* _AIM OF THE TASK_
In the response, the entries must appear exactly as supplied.

* _RECORDS SUPPLIED_
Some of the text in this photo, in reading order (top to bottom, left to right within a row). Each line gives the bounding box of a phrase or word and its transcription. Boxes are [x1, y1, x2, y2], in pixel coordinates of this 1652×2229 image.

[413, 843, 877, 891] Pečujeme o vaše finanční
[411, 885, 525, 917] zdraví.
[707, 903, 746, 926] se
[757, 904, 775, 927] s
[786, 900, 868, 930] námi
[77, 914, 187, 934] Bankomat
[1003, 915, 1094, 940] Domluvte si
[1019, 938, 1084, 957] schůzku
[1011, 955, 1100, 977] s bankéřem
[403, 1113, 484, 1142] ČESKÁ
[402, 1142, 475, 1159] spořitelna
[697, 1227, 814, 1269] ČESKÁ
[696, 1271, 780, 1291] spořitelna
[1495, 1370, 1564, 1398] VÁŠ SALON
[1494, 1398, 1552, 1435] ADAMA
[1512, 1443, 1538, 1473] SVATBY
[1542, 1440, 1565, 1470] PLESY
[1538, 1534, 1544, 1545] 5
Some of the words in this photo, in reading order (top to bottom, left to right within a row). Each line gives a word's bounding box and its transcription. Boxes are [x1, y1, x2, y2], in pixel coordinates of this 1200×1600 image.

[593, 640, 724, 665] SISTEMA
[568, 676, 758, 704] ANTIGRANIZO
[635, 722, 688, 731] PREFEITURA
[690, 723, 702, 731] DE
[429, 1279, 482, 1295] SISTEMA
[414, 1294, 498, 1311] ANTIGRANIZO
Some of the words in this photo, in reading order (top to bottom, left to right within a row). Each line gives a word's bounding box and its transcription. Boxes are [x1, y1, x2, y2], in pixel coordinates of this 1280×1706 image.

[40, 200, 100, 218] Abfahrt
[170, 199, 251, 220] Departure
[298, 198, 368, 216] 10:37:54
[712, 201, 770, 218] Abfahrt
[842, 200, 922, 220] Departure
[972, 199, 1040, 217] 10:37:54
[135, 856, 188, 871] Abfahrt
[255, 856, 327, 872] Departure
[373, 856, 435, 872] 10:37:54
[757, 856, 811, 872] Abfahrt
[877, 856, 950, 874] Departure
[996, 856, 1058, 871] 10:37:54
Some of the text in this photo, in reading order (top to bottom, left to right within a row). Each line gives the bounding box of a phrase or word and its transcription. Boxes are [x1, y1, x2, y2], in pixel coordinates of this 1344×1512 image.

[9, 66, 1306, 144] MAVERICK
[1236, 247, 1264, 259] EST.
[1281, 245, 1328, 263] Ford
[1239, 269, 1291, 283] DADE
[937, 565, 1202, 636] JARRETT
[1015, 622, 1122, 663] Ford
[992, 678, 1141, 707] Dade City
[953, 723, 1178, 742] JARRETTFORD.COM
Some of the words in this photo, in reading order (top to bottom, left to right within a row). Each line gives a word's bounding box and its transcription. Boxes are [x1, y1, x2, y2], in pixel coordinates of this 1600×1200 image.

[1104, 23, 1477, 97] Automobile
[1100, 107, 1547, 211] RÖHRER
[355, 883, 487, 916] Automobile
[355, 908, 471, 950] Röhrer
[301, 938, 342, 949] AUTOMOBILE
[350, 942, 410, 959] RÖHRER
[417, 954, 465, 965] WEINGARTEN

* _EXERCISE RESPONSE_
Some of the text in this photo, in reading order (top to bottom, left to right within a row). Each line gives the bounding box of a phrase or word and its transcription. Boxes are [x1, y1, x2, y2], in pixel coordinates of this 1652×2229 image.

[413, 843, 877, 891] Pečujeme o vaše finanční
[411, 885, 525, 917] zdraví.
[707, 903, 746, 926] se
[757, 904, 775, 927] s
[786, 900, 868, 930] námi
[77, 914, 187, 934] Bankomat
[1003, 915, 1094, 940] Domluvte si
[1019, 938, 1084, 957] schůzku
[1011, 955, 1100, 977] s bankéřem
[403, 1113, 484, 1142] ČESKÁ
[402, 1142, 475, 1159] spořitelna
[697, 1227, 814, 1269] ČESKÁ
[696, 1271, 780, 1291] spořitelna
[1495, 1370, 1564, 1398] VÁŠ SALON
[1494, 1398, 1552, 1435] ADAMA
[1512, 1443, 1538, 1473] SVATBY
[1542, 1440, 1565, 1470] PLESY
[1538, 1534, 1544, 1545] 5
Some of the words in this photo, in reading order (top to bottom, left to right within a row). Each line gives a word's bounding box and its transcription. Boxes are [x1, y1, x2, y2], in pixel coordinates of this 1200×1600 image.

[593, 640, 724, 665] SISTEMA
[568, 676, 758, 704] ANTIGRANIZO
[635, 722, 688, 731] PREFEITURA
[690, 723, 702, 731] DE
[429, 1279, 482, 1295] SISTEMA
[414, 1294, 498, 1311] ANTIGRANIZO
Some of the words in this photo, in reading order (top to bottom, left to right within a row). Each line gives a word's bounding box and its transcription. Boxes are [x1, y1, x2, y2], in pixel coordinates of this 1280×1706 image.

[40, 200, 100, 218] Abfahrt
[170, 199, 251, 220] Departure
[298, 198, 368, 216] 10:37:54
[712, 201, 770, 218] Abfahrt
[842, 200, 922, 220] Departure
[972, 199, 1040, 217] 10:37:54
[135, 856, 188, 871] Abfahrt
[255, 856, 327, 872] Departure
[373, 856, 435, 872] 10:37:54
[757, 856, 811, 872] Abfahrt
[877, 856, 950, 874] Departure
[996, 856, 1058, 871] 10:37:54
Some of the text in this photo, in reading order (top to bottom, left to right within a row). Each line gives the bounding box of a phrase or word and its transcription. Boxes are [x1, y1, x2, y2], in pixel coordinates of this 1344×1512 image.

[9, 66, 1306, 144] MAVERICK
[1236, 247, 1264, 259] EST.
[1281, 245, 1328, 263] Ford
[1239, 269, 1291, 283] DADE
[937, 565, 1202, 636] JARRETT
[1015, 622, 1122, 663] Ford
[992, 678, 1141, 707] Dade City
[953, 723, 1178, 742] JARRETTFORD.COM
Some of the words in this photo, in reading order (top to bottom, left to right within a row). Each line gives a word's bounding box and its transcription. Boxes are [x1, y1, x2, y2], in pixel coordinates of this 1600×1200 image.

[1104, 23, 1477, 97] Automobile
[1100, 107, 1547, 211] RÖHRER
[355, 883, 487, 916] Automobile
[355, 908, 471, 950] Röhrer
[301, 938, 342, 949] AUTOMOBILE
[350, 942, 410, 959] RÖHRER
[417, 954, 465, 965] WEINGARTEN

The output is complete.